▸ **Instructions to follow**:
Return the data below exactly, please, but drop the pictures.

======== Data excerpts ========

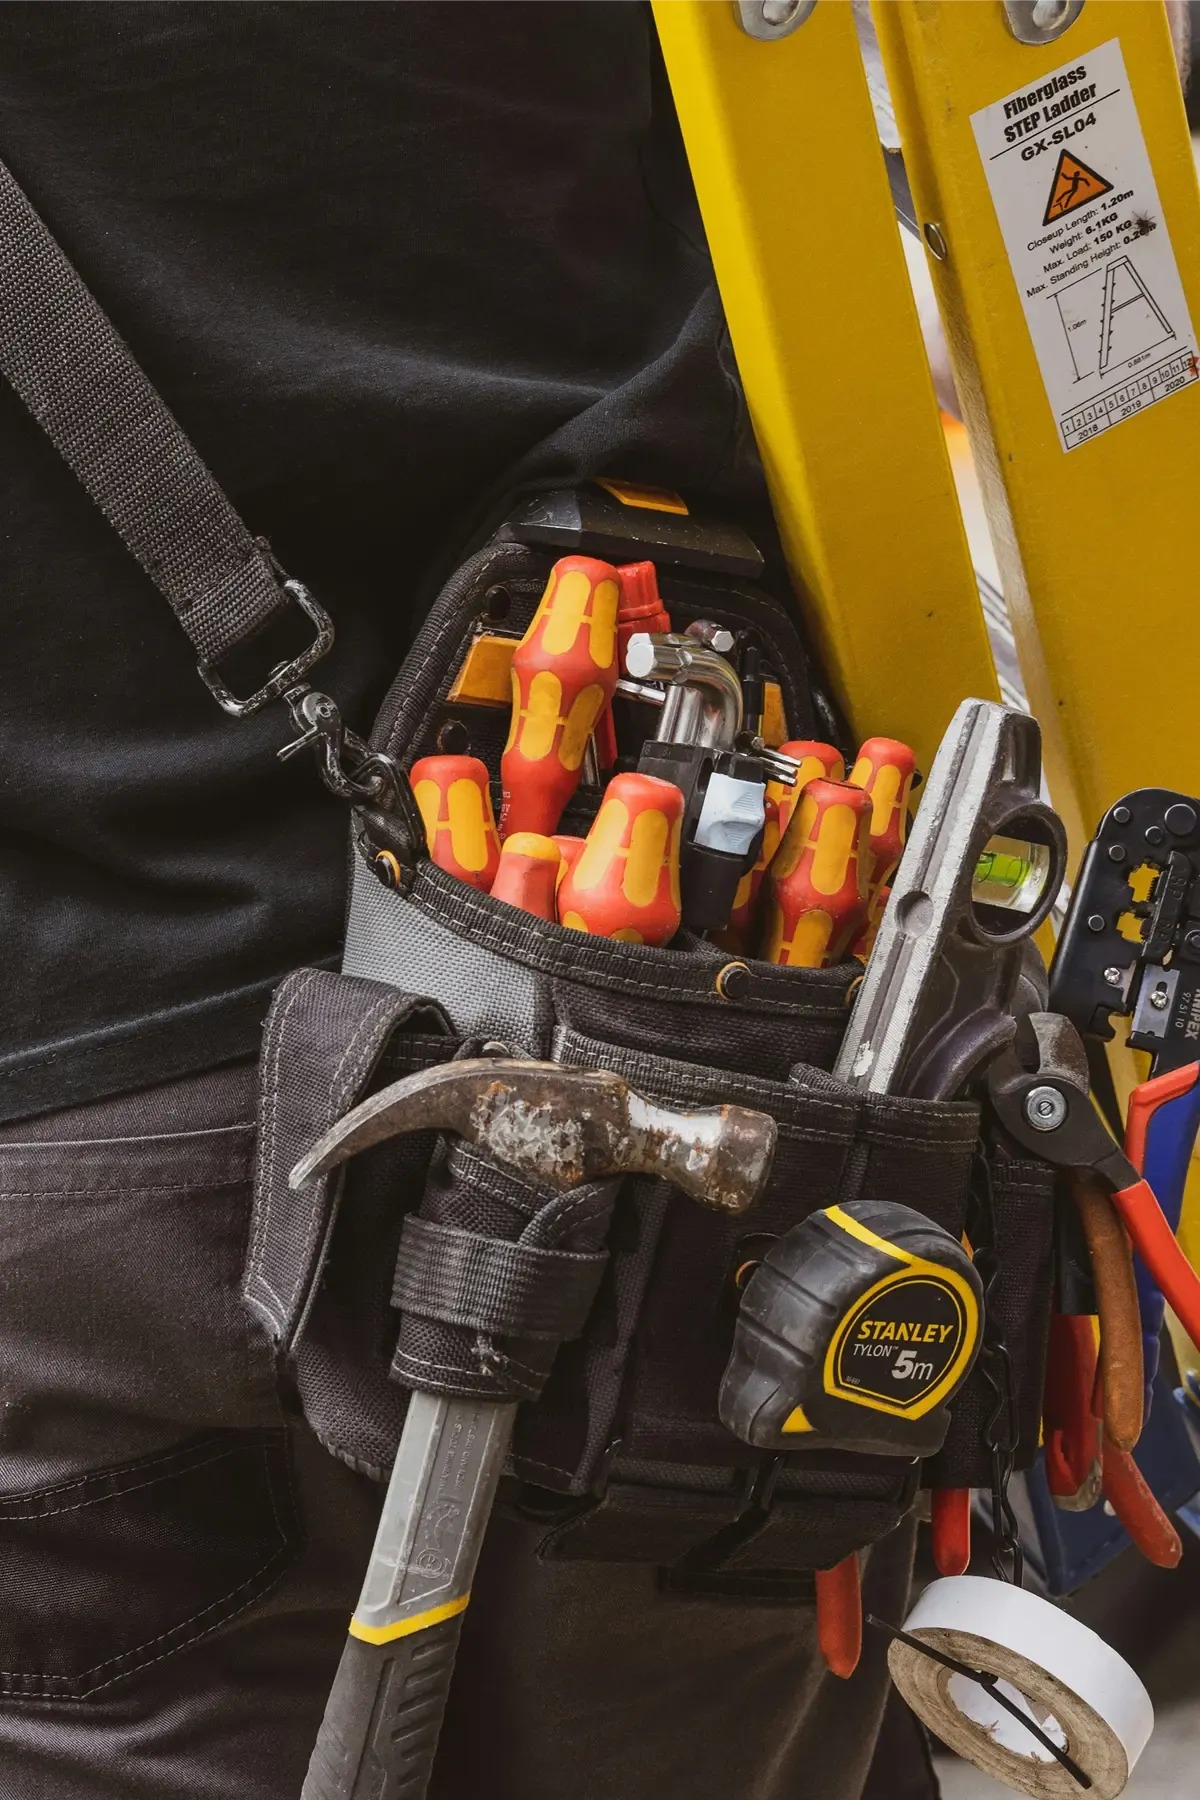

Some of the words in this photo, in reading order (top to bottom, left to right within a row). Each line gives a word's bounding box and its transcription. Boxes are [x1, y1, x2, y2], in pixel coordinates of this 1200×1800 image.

[1003, 66, 1086, 120] Fiberglass
[1004, 112, 1040, 142] STEP
[1044, 83, 1096, 122] Ladder
[1021, 112, 1096, 161] GX-SL04
[1027, 228, 1064, 251] Closeup
[1066, 208, 1099, 230] Length:
[1100, 190, 1134, 210] 1.20m
[1043, 260, 1064, 274] Max.
[1066, 244, 1092, 260] Load:
[1094, 232, 1113, 246] 150
[1116, 220, 1132, 234] KG
[1049, 232, 1083, 254] Weight:
[1085, 212, 1118, 235] 6.1KG
[1026, 283, 1048, 298] Max.
[1050, 260, 1088, 285] Standing
[1090, 242, 1122, 263] Height:
[1161, 370, 1170, 379] 10
[1172, 364, 1180, 373] 11
[1078, 424, 1099, 440] 2018
[1121, 400, 1141, 416] 2019
[1164, 376, 1185, 392] 2020
[857, 1320, 953, 1343] STANLEY
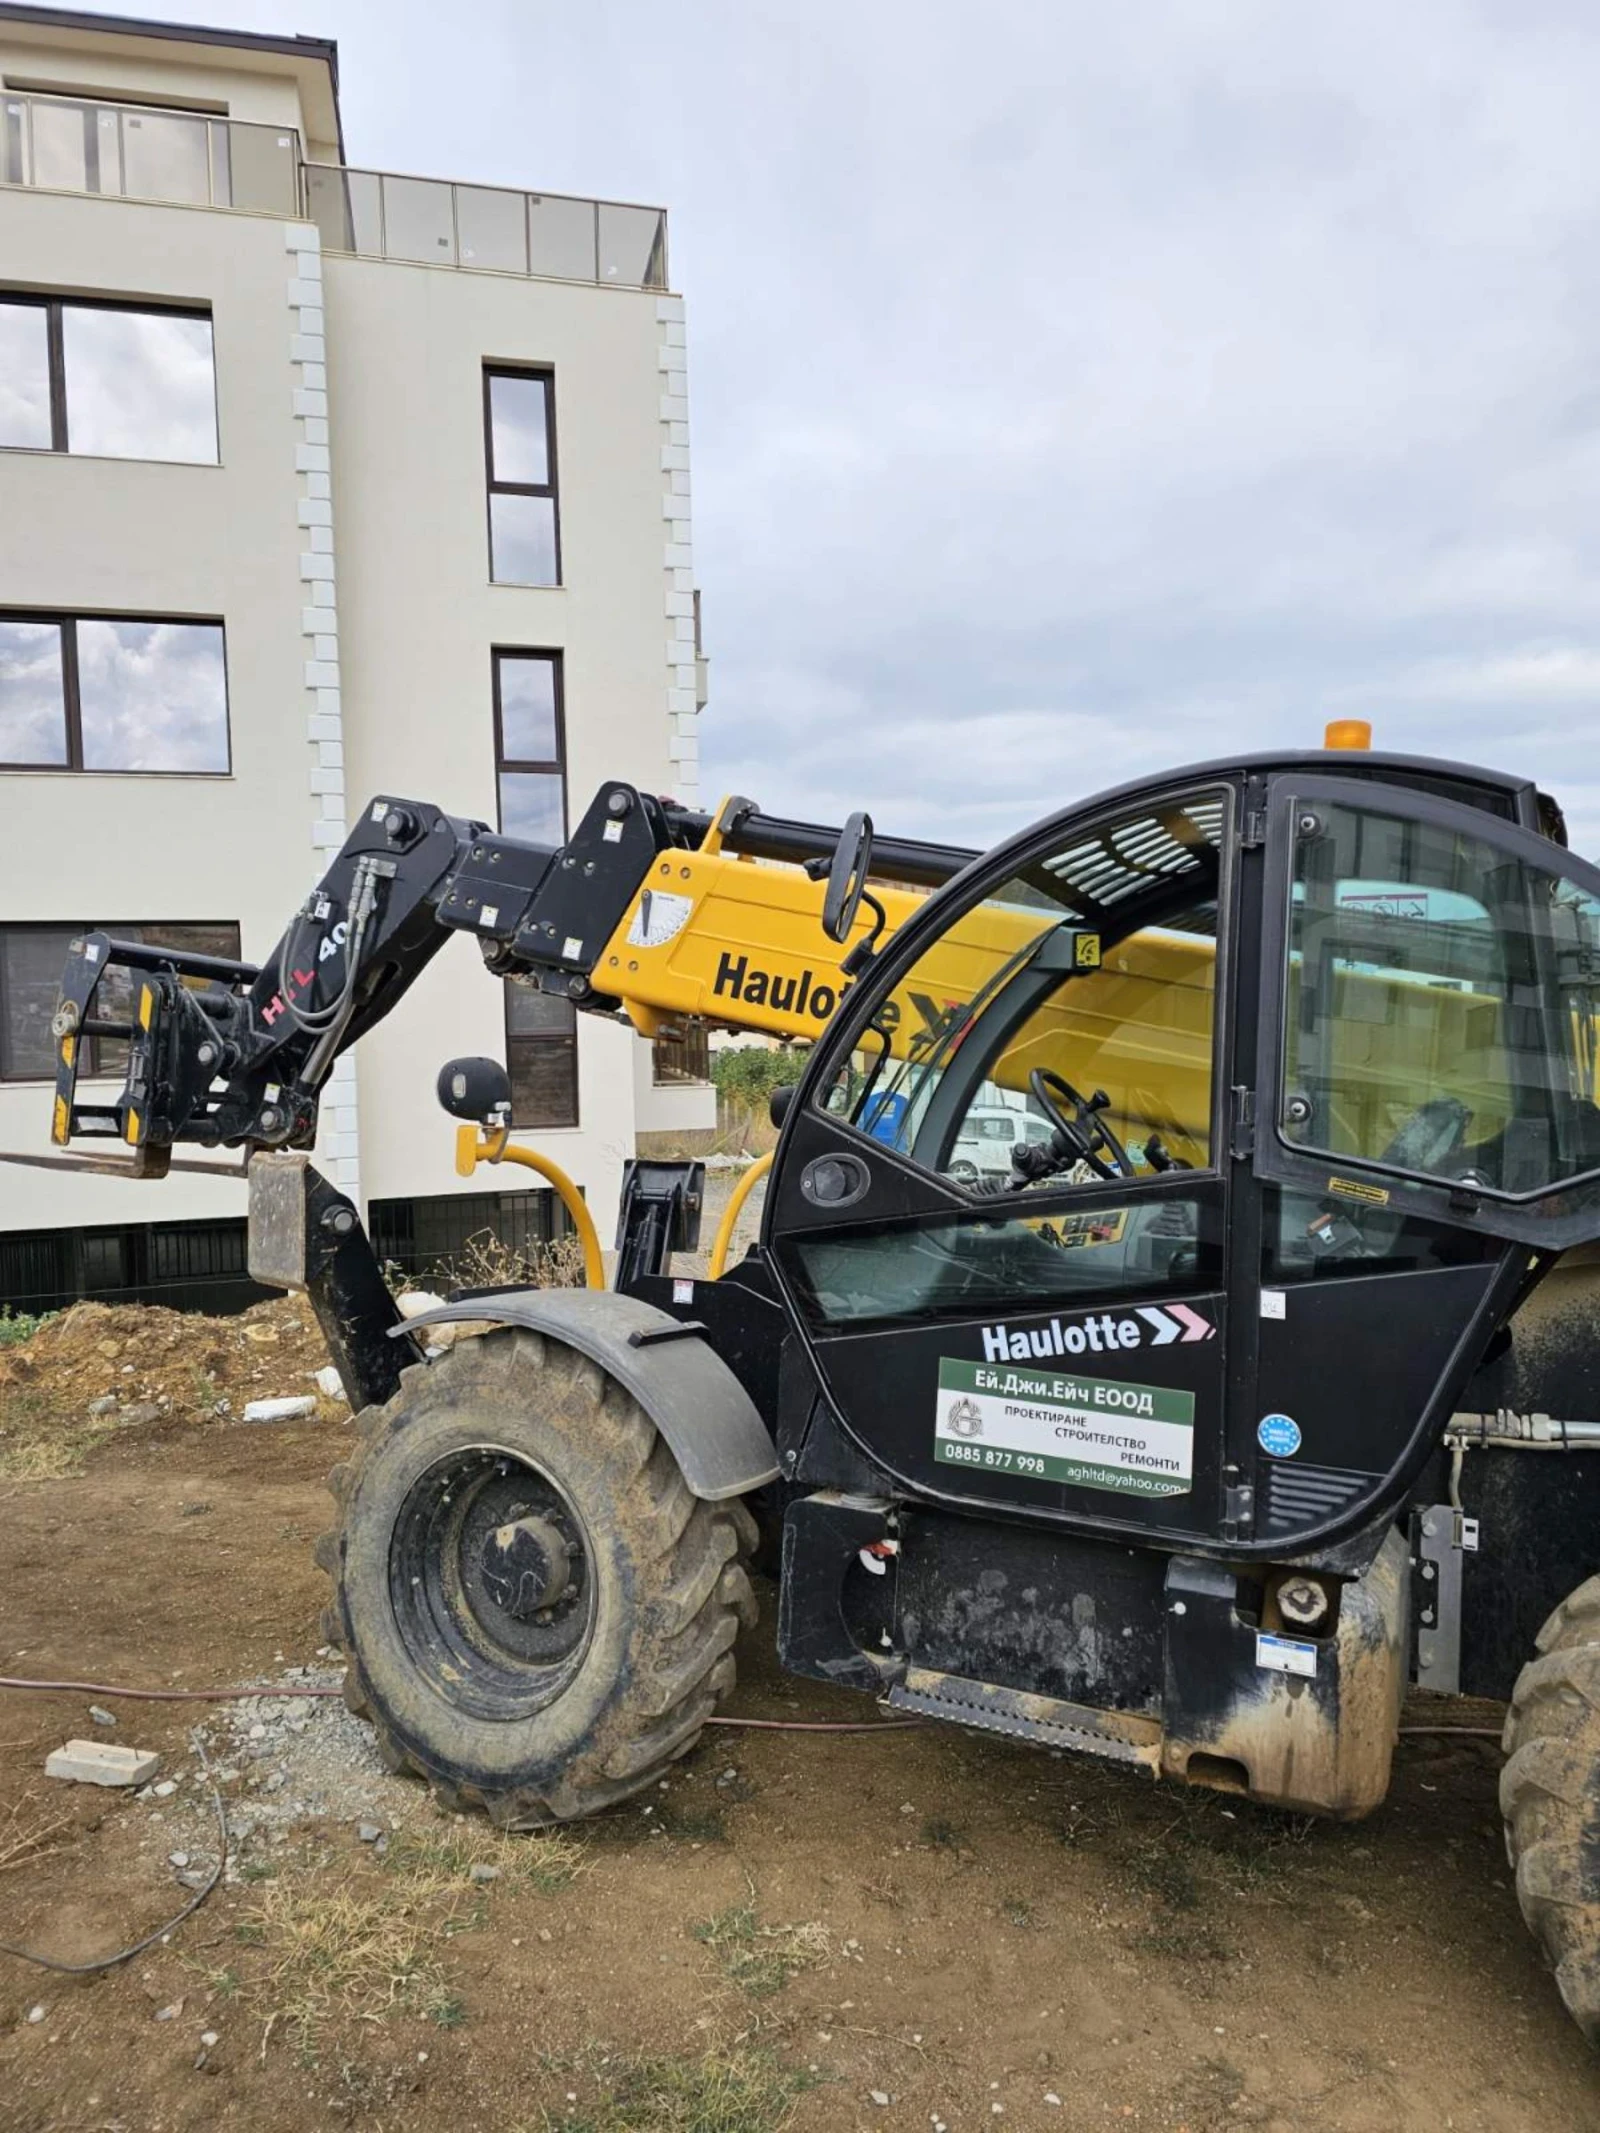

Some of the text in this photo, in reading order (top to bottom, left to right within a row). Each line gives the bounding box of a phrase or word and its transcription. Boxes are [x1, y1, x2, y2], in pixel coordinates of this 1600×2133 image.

========

▸ **Output**:
Some of the words in this photo, in reading order (top to bottom, left to right within a row). Each line gives a word's bounding box and its transcription. Boxes are [x1, y1, x2, y2], in pixel coordinates of this 1200×1800 image.

[1003, 66, 1086, 120] Fiberglass
[1004, 112, 1040, 142] STEP
[1044, 83, 1096, 122] Ladder
[1021, 112, 1096, 161] GX-SL04
[1027, 228, 1064, 251] Closeup
[1066, 208, 1099, 230] Length:
[1100, 190, 1134, 210] 1.20m
[1043, 260, 1064, 274] Max.
[1066, 244, 1092, 260] Load:
[1094, 232, 1113, 246] 150
[1116, 220, 1132, 234] KG
[1049, 232, 1083, 254] Weight:
[1085, 212, 1118, 235] 6.1KG
[1026, 283, 1048, 298] Max.
[1050, 260, 1088, 285] Standing
[1090, 242, 1122, 263] Height:
[1161, 370, 1170, 379] 10
[1172, 364, 1180, 373] 11
[1078, 424, 1099, 440] 2018
[1121, 400, 1141, 416] 2019
[1164, 376, 1185, 392] 2020
[857, 1320, 953, 1343] STANLEY

Some of the text in this photo, in reading order (top to bottom, left to right within a row). Each line gives the bounding box of a phrase or word and its transcription. Boxes are [x1, y1, x2, y2], in pixel coordinates of this 1600×2133 image.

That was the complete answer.